Foram essas classes que, através dos mesmos ‘partidos clientes’, que montaram o grande esquema da coleta e distribuição entre si dos Fundos da União Europeia, ao mesmo tempo que desindustrializaram o país, levaram à extrema dependência alimentar e entregaram a soberania nacional a forças estrangeiras.

Afinal, conclui FNC, «a nova República é, antes, a sucessora das transformações liberais do século XIX, fortalecidas pela paciente política financeira e económica levada a cabo pelo Doutor Salazar e renovada, em termos mais modernos, no plano económico e social pelo Doutor Marcelo Caetano».

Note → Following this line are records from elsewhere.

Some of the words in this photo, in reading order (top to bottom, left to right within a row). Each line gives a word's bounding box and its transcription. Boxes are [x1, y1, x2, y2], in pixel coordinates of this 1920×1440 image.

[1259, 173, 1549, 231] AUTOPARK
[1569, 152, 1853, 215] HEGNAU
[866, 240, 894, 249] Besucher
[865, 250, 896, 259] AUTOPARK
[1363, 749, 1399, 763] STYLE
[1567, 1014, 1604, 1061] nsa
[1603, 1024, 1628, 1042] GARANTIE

Sim, afinal, a nova República saída do 25 de Abril mais não foi, pela mão de Mário Soares e outros, do que a concretização do ‘projeto’ que MC não teve a coragem de levar por diante, vencido como foi pelas classes possidentes.

Temos hoje muitas liberdades, muitos direitos, muitos partidos, muita conversa sobre a democracia. No entanto são as mesmas classes possidentes que continuam, ainda hoje, sem colónias mas com UE, a determinar a vida nacional. FNC, na Nota Final do seu livro, caracteriza-as:
«As formas de capitalismo do final do século XX são demasiado agressivas, economicistas e pouco humanizadas para me poderem agradar, projectando para o primeiro plano o homem egoísta, competitivo, autossuficiente e dominador, com o qual nunca serei capaz de me identificar e solidarizar».